Where does that idea come from?

Are you really suggesting that the power produced by a motor is independent of the voltage it is supplied with, and that if one increases the voltage of the supply, the current drawn from that supply will fall?

Yes, but you must also use the correct voltage. A motor generates a back-EMF (as I mentioned before) so the voltage for Ohm is supply volts minus back-EMF. On the assumption that back-EMF = supply voltage at synchronous speed, and proportional to speed, with typical 3% slip at full load, back-EMF = 97% supply volts and Ohm only sees 3%.

You appear to be talking about a 'notional voltage'. As far as the supply is concerned, its voltage is its voltage. Within the 'black box' that we call a motor, the effect of the back EMF impacts on the behaviour of the motor, and essentially changes the 'effective impedance/resistance'. The 'effective voltage' (supply voltage MINUS back EMF) which the innards of the motor 'sees' is not something that one can usually measure.

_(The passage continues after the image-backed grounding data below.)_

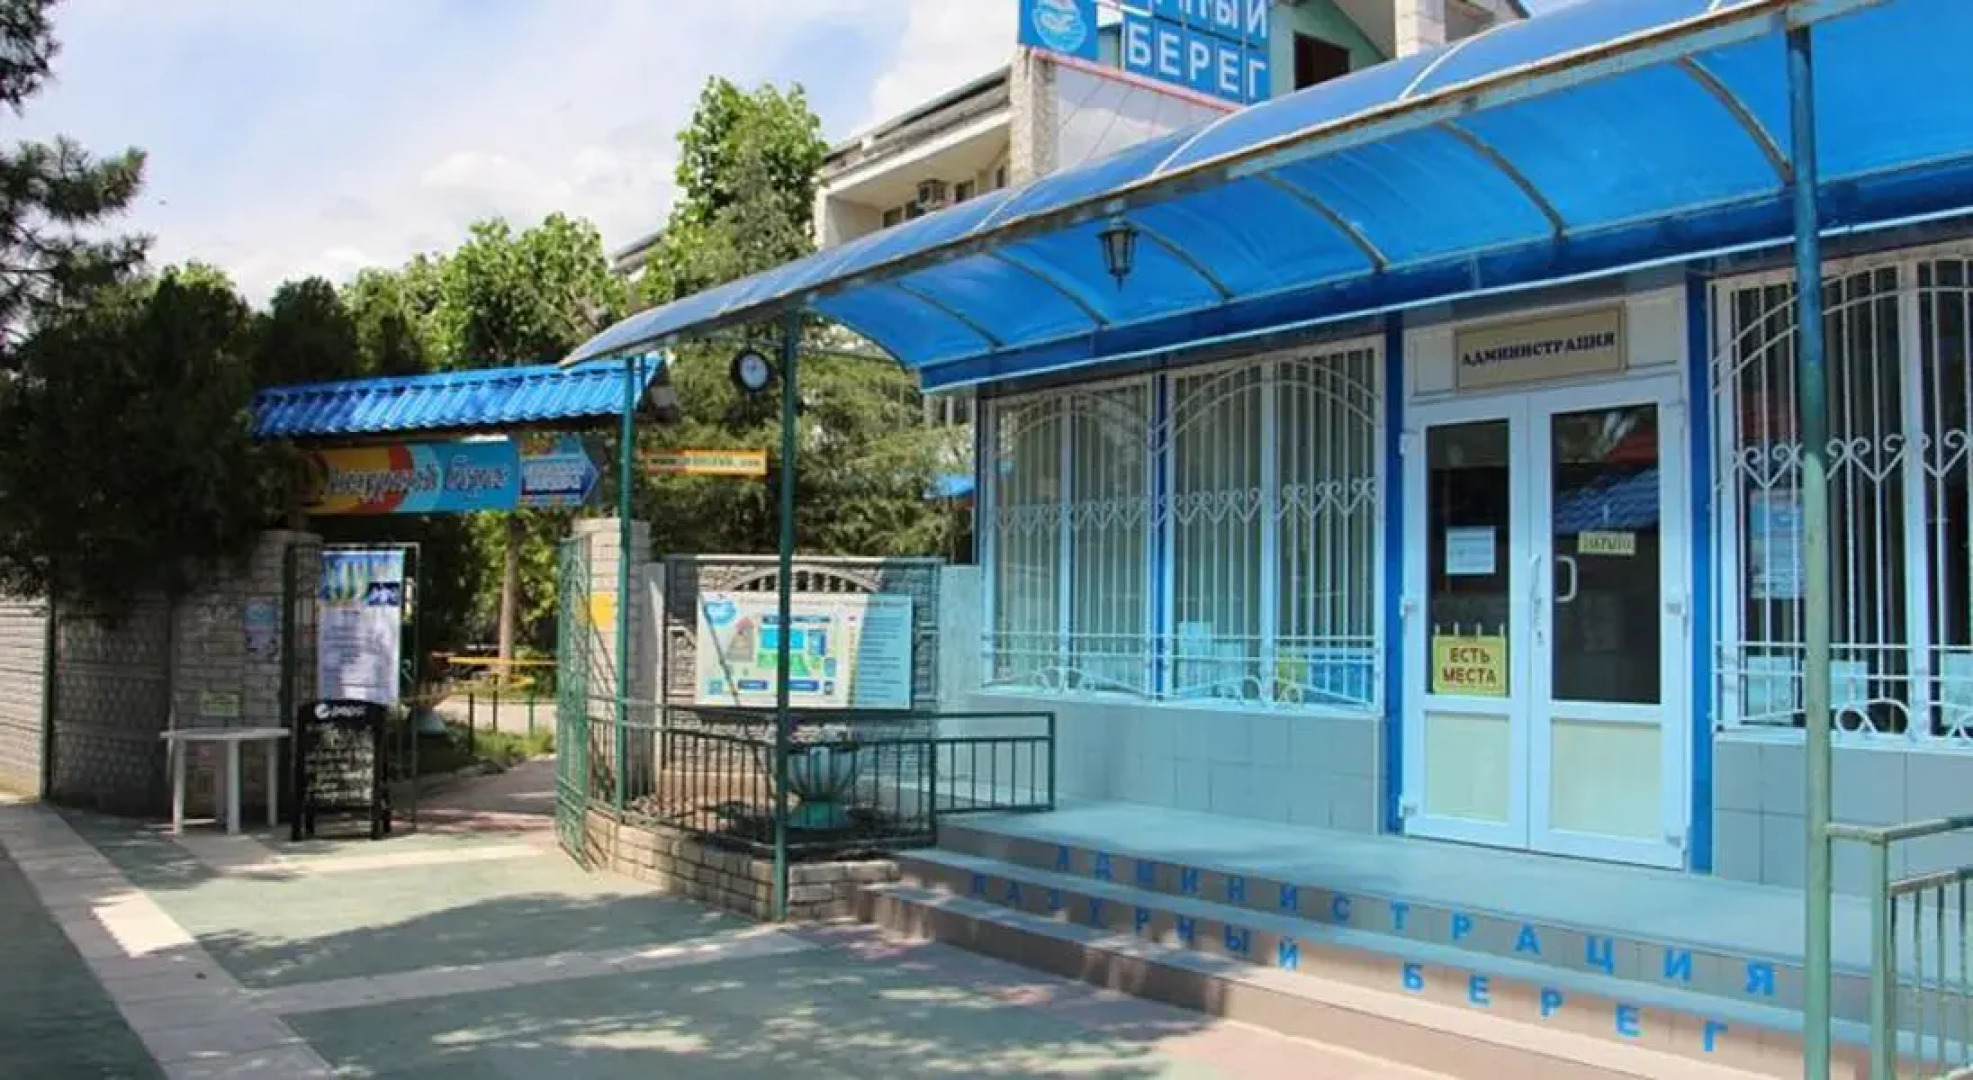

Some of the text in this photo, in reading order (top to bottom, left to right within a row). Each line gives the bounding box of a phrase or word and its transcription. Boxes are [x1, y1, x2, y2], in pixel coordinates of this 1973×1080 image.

[1127, 23, 1268, 98] БЕРЕГ
[1462, 330, 1615, 368] АДМИНИСТРАЦИЯ
[1442, 667, 1497, 685] МЕСТА
[1449, 647, 1491, 664] ЕСТЬ
[1055, 844, 1776, 997] АДМИНИСТРАЦИЯ
[1402, 962, 1728, 1052] БЕРЕГ
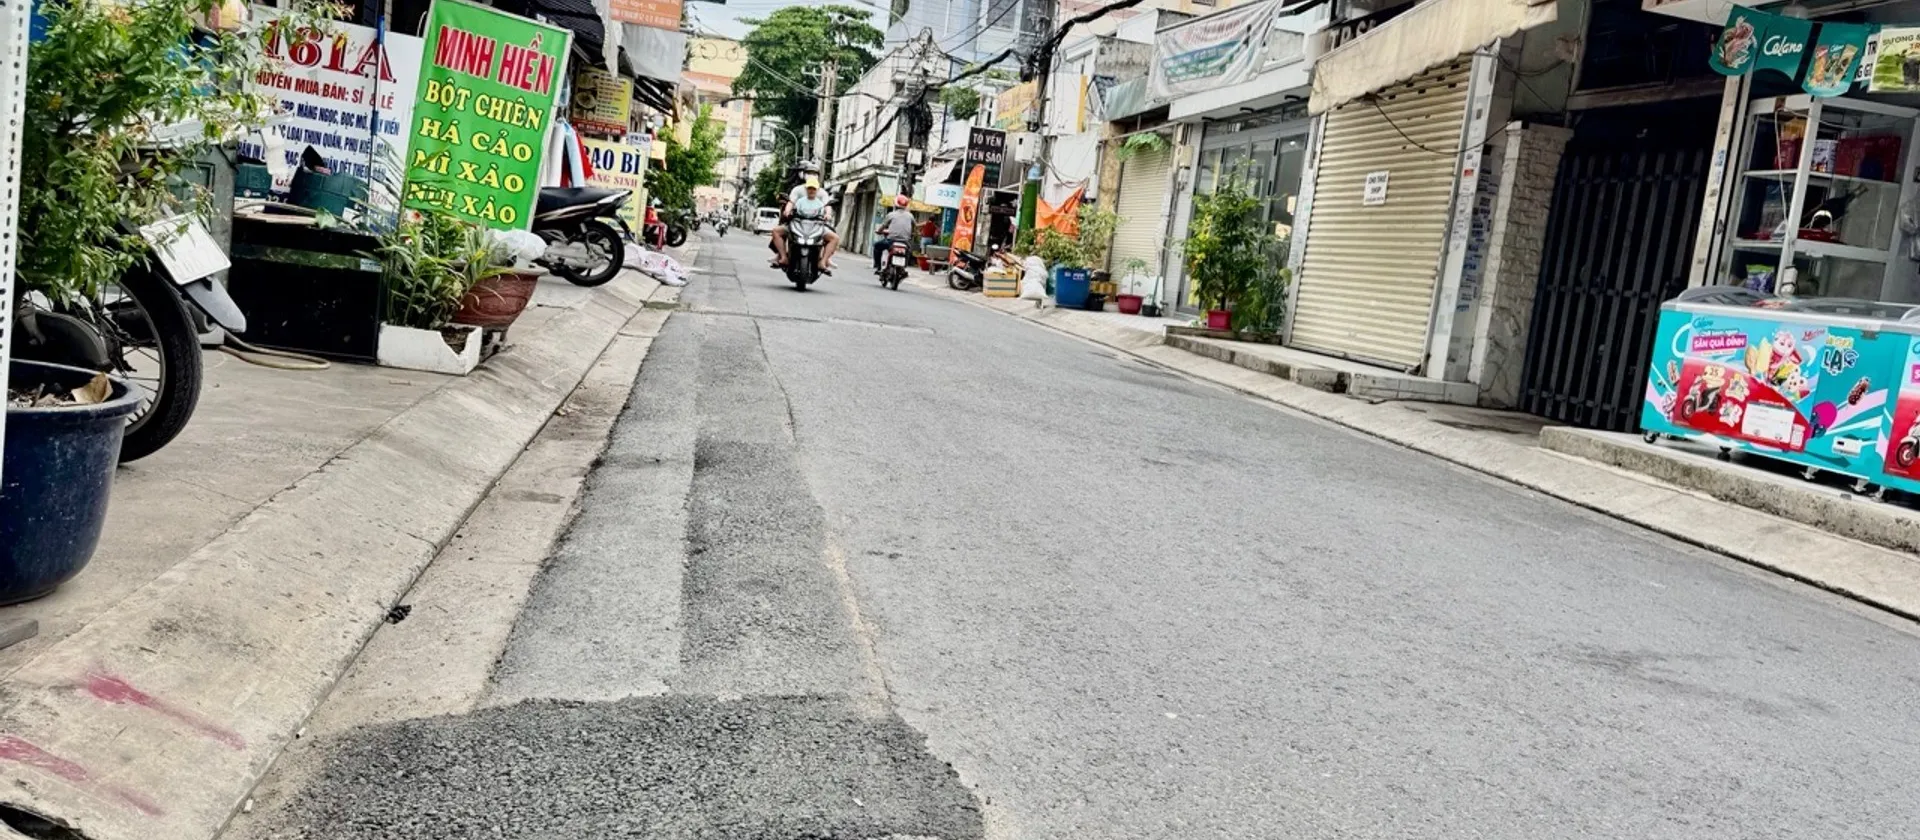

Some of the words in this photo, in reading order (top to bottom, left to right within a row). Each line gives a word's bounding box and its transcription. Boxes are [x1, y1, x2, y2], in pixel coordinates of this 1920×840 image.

Provided currents didn't get so high that they 'blew up' the supply or caused a protective device to operate, If you measured the voltage being supplied to that 'black box', it would obviously be the same whether the motor was stalled (hence no back EMF) or running at high speed (high back EMF).

Kind Regards, John

 

[JohnW2]

Yes, but with the justification that the original statement that current was proportional to applied voltage made sense as being referred to as a law. And the formulaic representation encapsulates that law into a useful tool by including the definition of the constant as 'resistance'.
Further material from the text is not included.